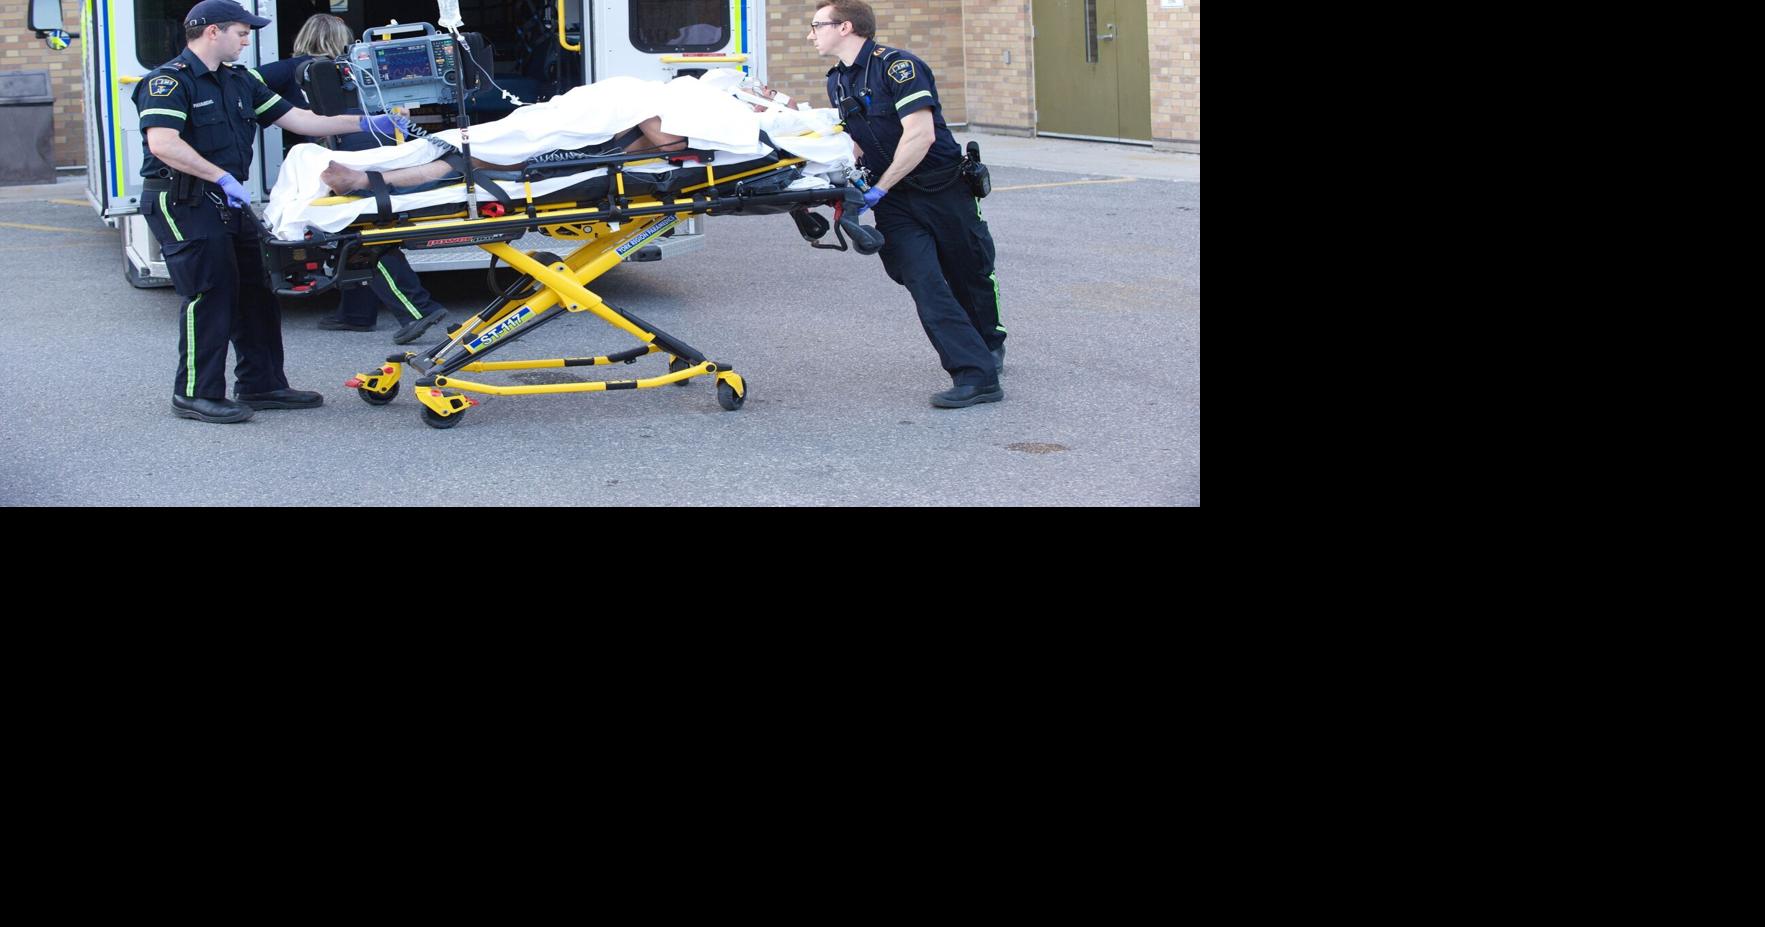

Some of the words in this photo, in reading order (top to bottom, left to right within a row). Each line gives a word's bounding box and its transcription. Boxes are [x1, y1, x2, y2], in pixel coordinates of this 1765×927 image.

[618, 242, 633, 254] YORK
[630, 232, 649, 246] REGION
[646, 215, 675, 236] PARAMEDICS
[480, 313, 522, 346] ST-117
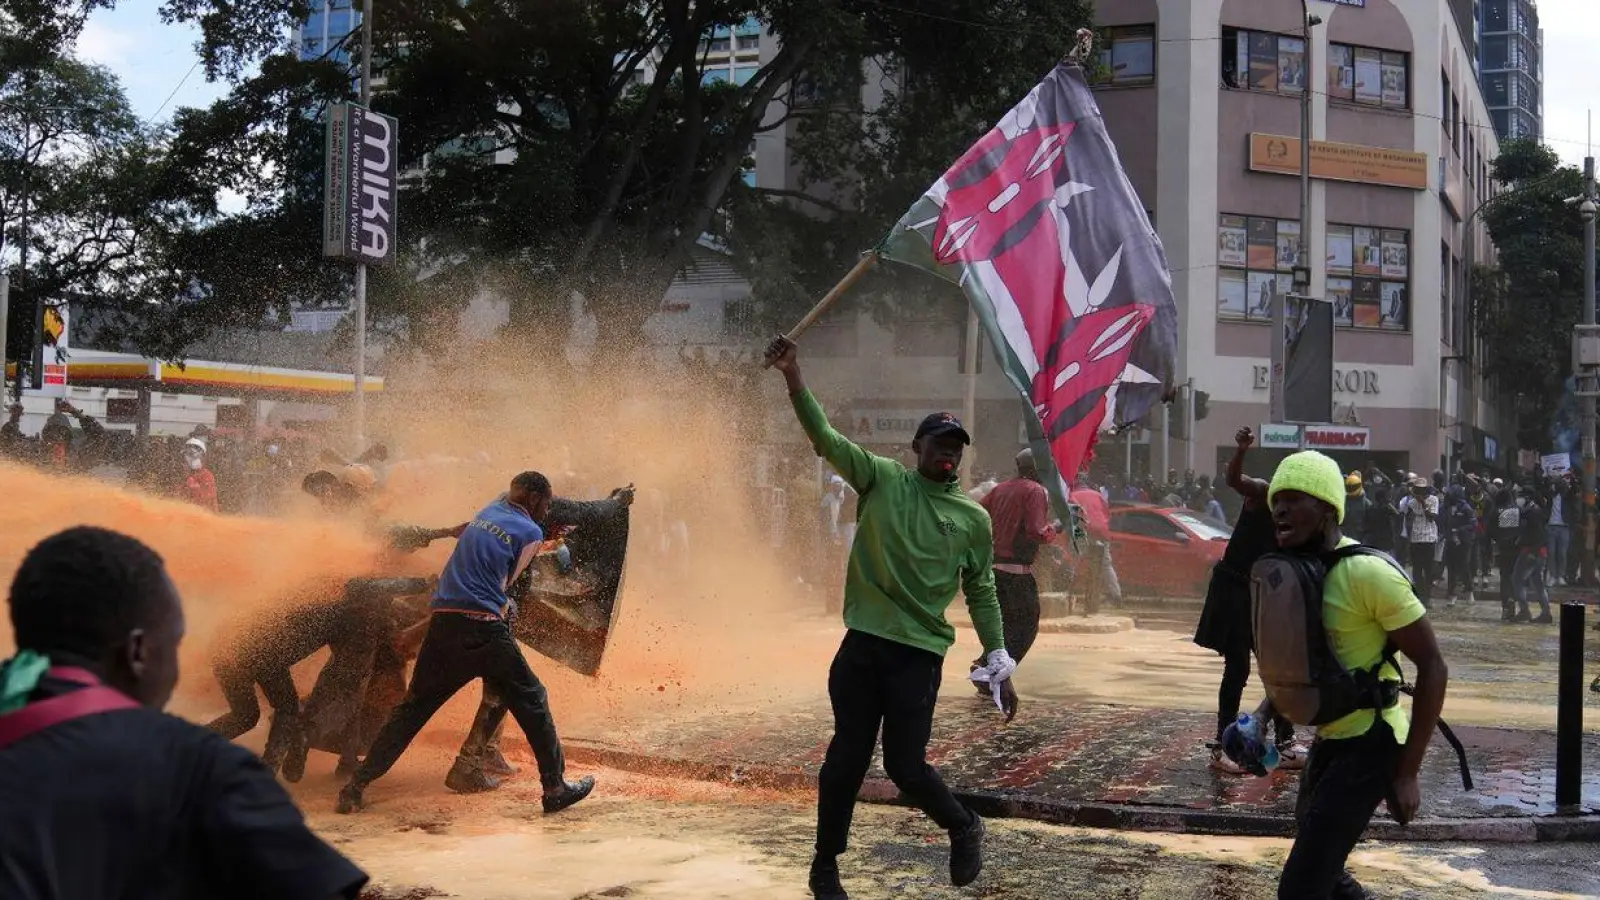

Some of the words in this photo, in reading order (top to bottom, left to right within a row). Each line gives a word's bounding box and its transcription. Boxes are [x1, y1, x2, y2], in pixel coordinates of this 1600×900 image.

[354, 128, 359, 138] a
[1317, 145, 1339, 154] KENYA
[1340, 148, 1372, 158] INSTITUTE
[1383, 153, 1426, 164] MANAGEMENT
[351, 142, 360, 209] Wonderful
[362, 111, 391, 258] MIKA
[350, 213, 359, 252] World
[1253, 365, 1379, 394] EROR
****
DESCRIPTION OF THE TASK:
Could you print the whole listing again, exactly, leaving the pictures out?

RESPONSE FOR THIS EXERCISE:
Some of the words in this photo, in reading order (top to bottom, left to right within a row). Each line gives a word's bounding box and its transcription. Boxes are [x1, y1, x2, y2], in pixel coordinates of this 1765×927 image.

[618, 242, 633, 254] YORK
[630, 232, 649, 246] REGION
[646, 215, 675, 236] PARAMEDICS
[480, 313, 522, 346] ST-117

Some of the words in this photo, in reading order (top to bottom, left to right within a row). Each line gives a word's bounding box and its transcription. Boxes are [x1, y1, x2, y2], in pixel coordinates of this 1600×900 image.

[354, 128, 359, 138] a
[1317, 145, 1339, 154] KENYA
[1340, 148, 1372, 158] INSTITUTE
[1383, 153, 1426, 164] MANAGEMENT
[351, 142, 360, 209] Wonderful
[362, 111, 391, 258] MIKA
[350, 213, 359, 252] World
[1253, 365, 1379, 394] EROR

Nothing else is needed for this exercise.